A complete answer includes every line below with the word "TOYOTA".

START Data records

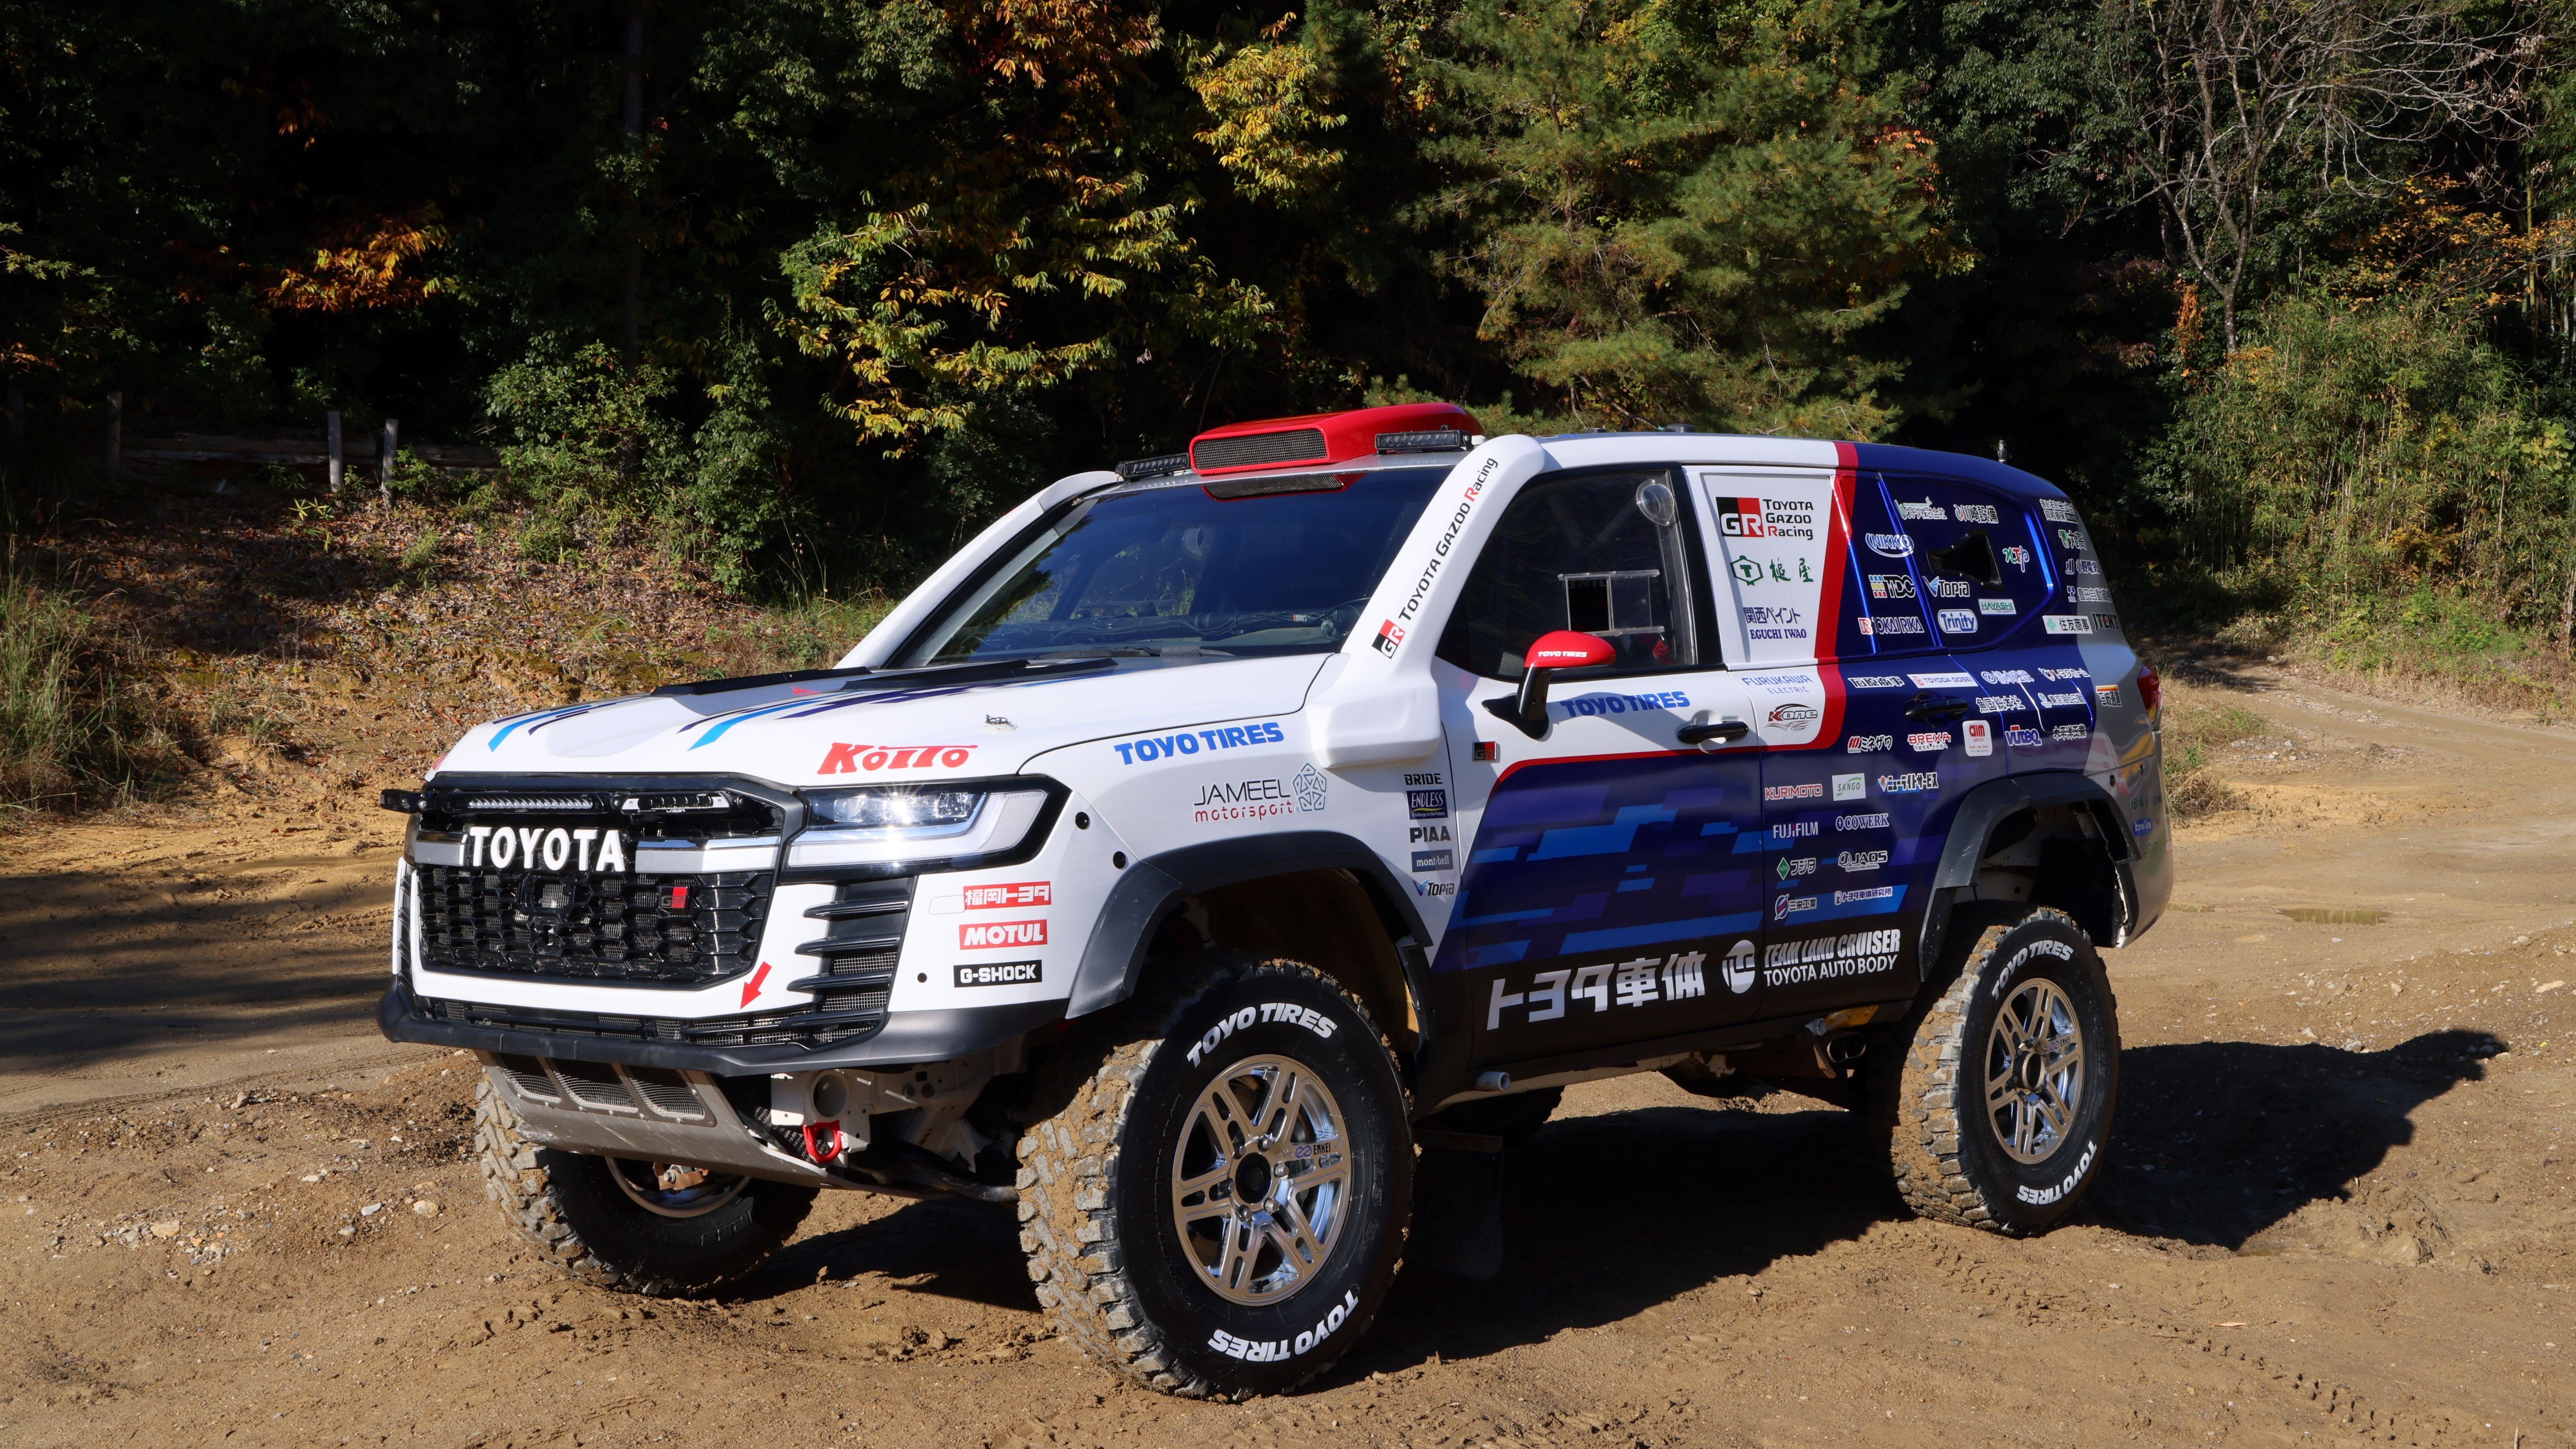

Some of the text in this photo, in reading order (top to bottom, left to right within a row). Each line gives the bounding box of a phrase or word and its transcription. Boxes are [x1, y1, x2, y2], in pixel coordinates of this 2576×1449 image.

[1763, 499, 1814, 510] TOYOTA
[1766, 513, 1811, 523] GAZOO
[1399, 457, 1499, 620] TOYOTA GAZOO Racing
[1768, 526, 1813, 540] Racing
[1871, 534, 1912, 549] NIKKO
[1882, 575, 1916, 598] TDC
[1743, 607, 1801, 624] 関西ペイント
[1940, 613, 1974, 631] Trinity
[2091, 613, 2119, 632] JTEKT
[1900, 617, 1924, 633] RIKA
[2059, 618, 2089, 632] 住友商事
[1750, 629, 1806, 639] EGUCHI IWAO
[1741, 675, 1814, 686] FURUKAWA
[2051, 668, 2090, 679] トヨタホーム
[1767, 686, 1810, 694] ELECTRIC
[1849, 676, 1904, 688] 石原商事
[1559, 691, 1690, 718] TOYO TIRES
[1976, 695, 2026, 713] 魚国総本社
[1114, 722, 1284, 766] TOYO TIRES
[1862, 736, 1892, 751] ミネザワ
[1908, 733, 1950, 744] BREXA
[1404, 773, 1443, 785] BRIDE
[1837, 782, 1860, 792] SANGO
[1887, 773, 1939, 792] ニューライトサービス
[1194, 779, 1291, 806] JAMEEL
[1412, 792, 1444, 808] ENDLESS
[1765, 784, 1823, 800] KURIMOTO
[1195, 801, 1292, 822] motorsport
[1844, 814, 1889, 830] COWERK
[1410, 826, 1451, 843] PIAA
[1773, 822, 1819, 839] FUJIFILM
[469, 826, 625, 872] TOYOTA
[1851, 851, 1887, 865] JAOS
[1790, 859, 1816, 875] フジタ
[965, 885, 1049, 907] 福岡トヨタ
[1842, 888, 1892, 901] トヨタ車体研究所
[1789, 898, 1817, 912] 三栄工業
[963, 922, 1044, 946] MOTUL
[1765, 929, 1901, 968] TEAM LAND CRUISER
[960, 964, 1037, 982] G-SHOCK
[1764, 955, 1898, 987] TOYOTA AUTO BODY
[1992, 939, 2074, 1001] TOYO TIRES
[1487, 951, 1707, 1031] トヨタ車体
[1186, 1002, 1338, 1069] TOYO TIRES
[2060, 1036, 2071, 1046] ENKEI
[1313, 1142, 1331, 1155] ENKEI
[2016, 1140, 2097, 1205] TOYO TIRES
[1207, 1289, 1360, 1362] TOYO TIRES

END Data records

(Output for this task):
[1763, 499, 1814, 510] TOYOTA
[1399, 457, 1499, 620] TOYOTA GAZOO Racing
[469, 826, 625, 872] TOYOTA
[1764, 955, 1898, 987] TOYOTA AUTO BODY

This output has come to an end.